>>>>

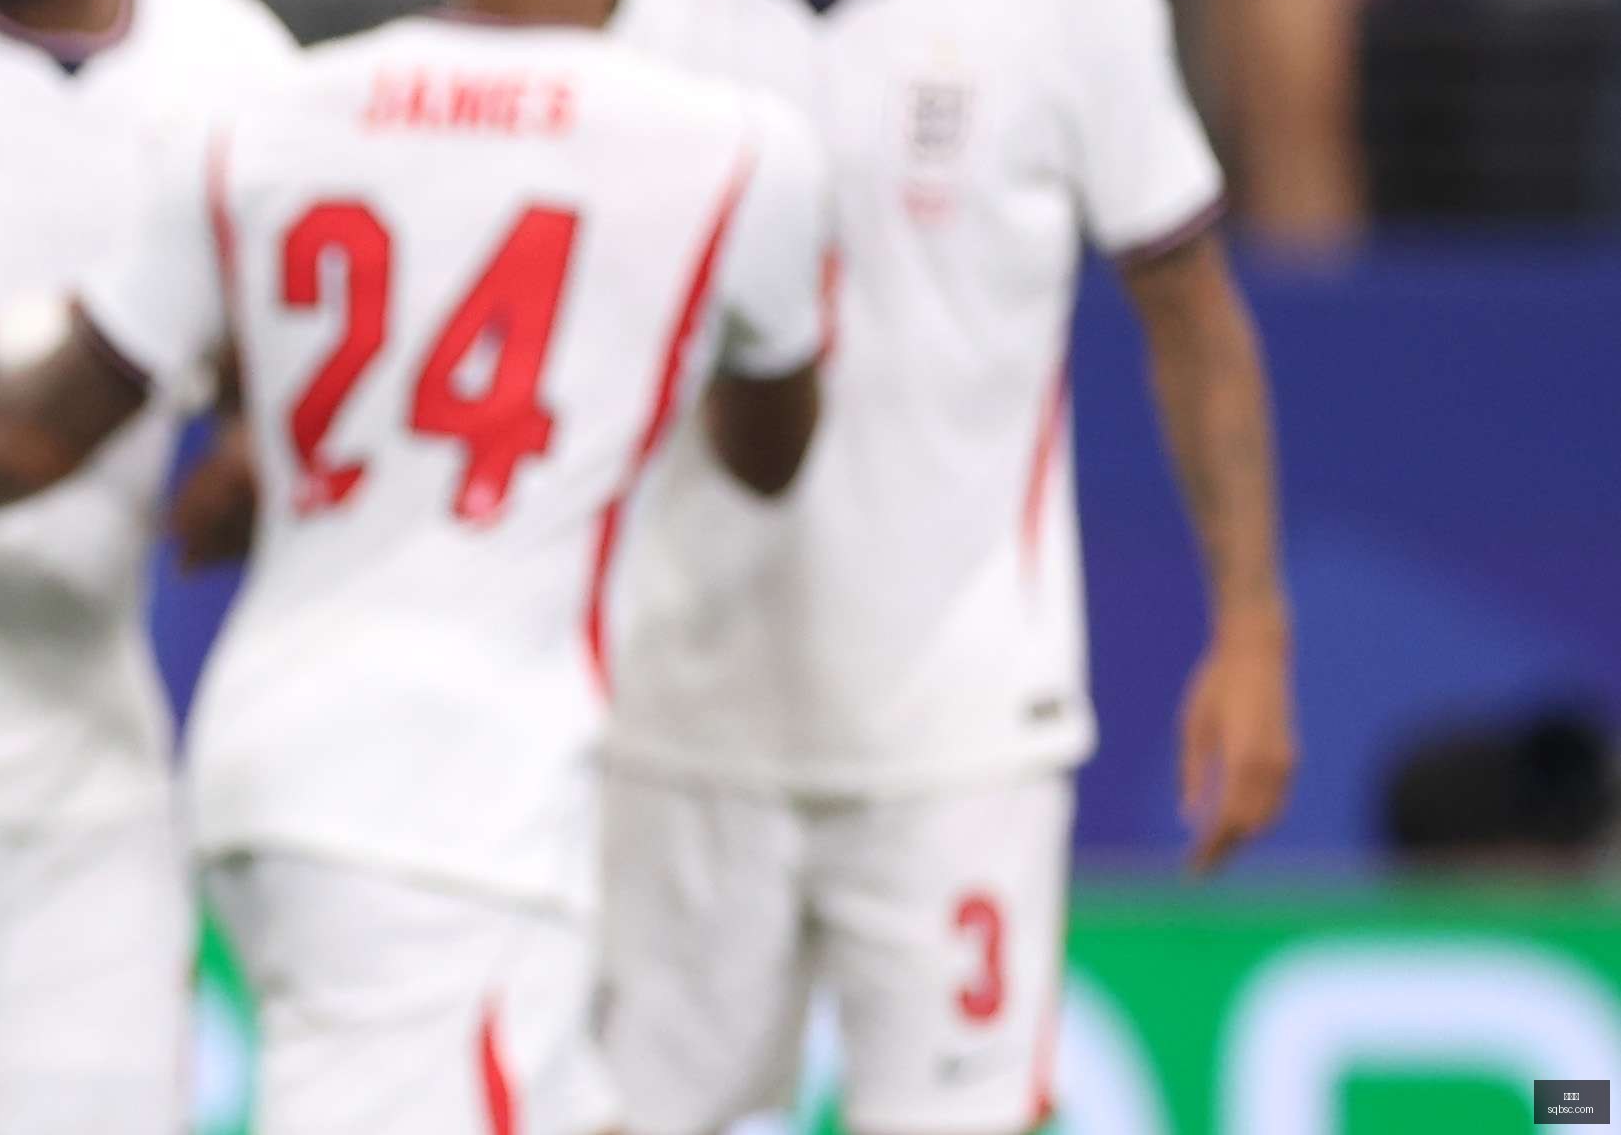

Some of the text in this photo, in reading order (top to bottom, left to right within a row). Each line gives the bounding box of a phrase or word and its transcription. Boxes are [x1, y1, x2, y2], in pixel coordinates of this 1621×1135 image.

[359, 72, 576, 134] JAMES
[282, 201, 580, 526] 24
[953, 895, 1008, 1023] 3
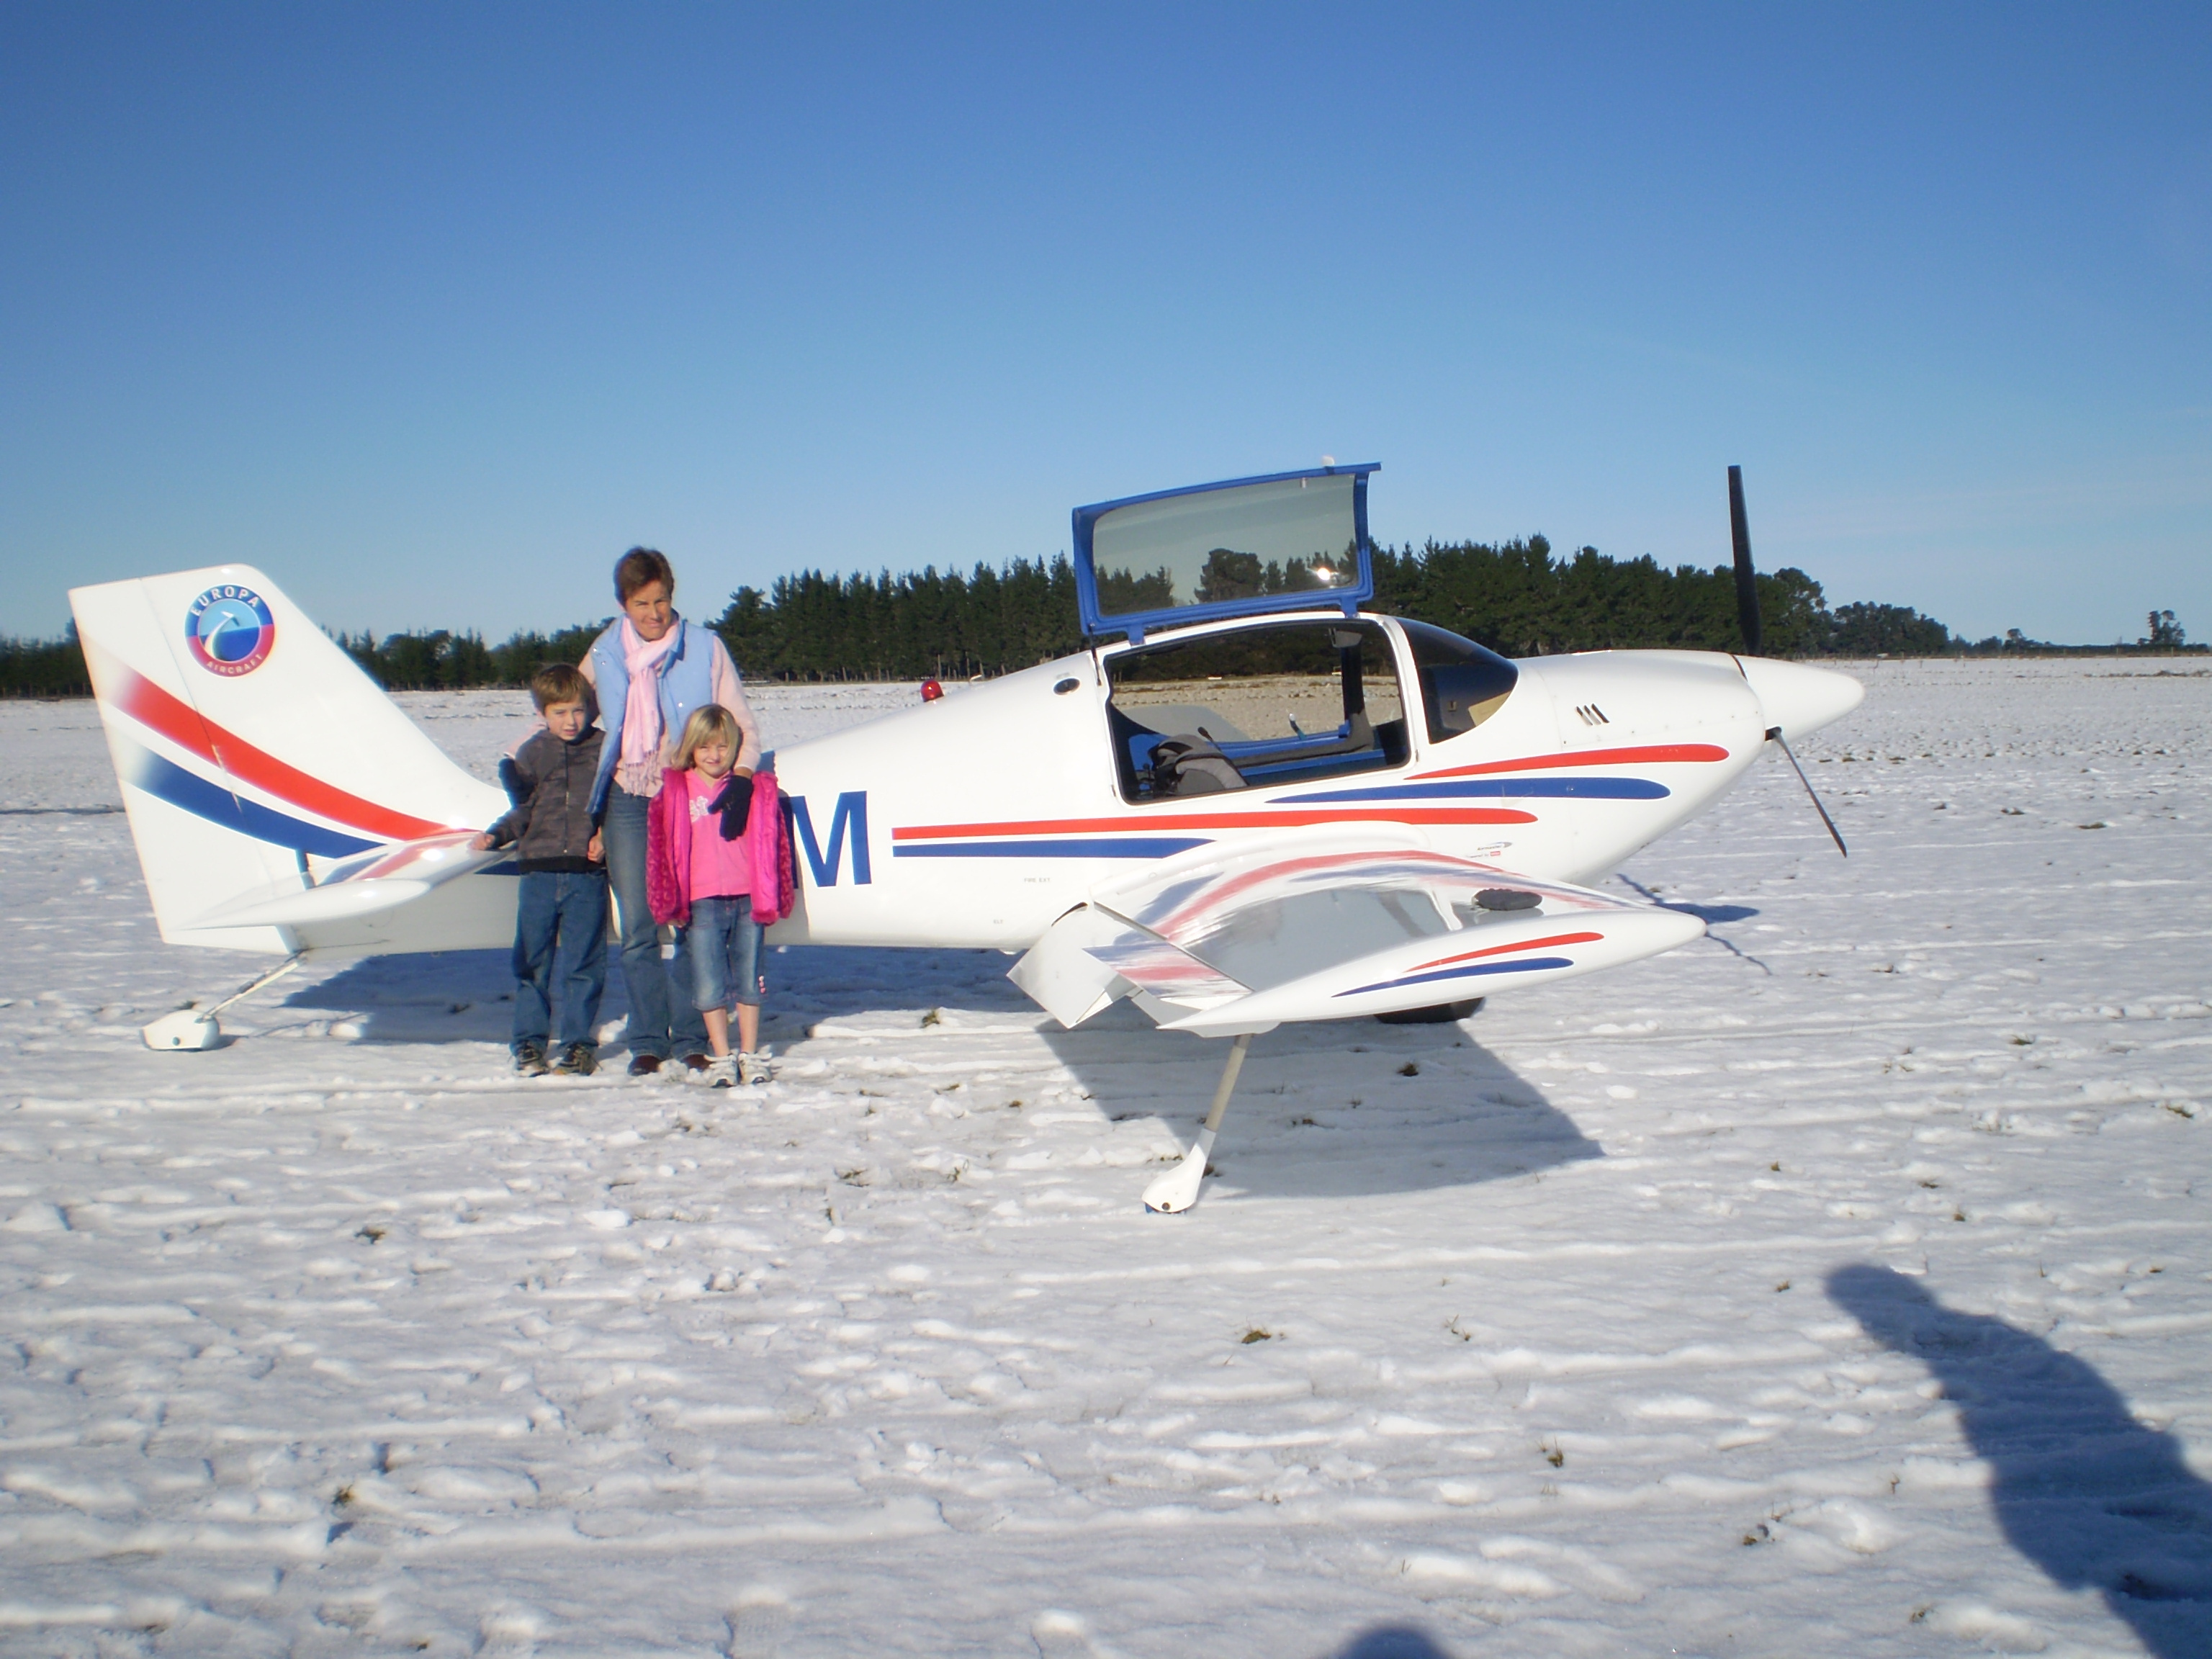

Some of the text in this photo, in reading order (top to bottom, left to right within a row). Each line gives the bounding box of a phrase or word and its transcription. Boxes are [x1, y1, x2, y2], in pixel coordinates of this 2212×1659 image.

[190, 586, 260, 616] EUROPA
[207, 654, 263, 674] AIRCRAFT
[778, 790, 872, 889] M

<<<<

### EXERCISE
Apart from the images, everything in the records must be repeated exactly.

### SOLUTION TO THIS EXERCISE
Some of the text in this photo, in reading order (top to bottom, left to right within a row). Each line gives the bounding box of a phrase or word and its transcription. Boxes are [x1, y1, x2, y2], in pixel coordinates of this 1621×1135 image.

[359, 72, 576, 134] JAMES
[282, 201, 580, 526] 24
[953, 895, 1008, 1023] 3

Some of the text in this photo, in reading order (top to bottom, left to right within a row). Each line gives the bounding box of a phrase or word and its transcription. Boxes are [x1, y1, x2, y2], in pixel coordinates of this 2212×1659 image.

[190, 586, 260, 616] EUROPA
[207, 654, 263, 674] AIRCRAFT
[778, 790, 872, 889] M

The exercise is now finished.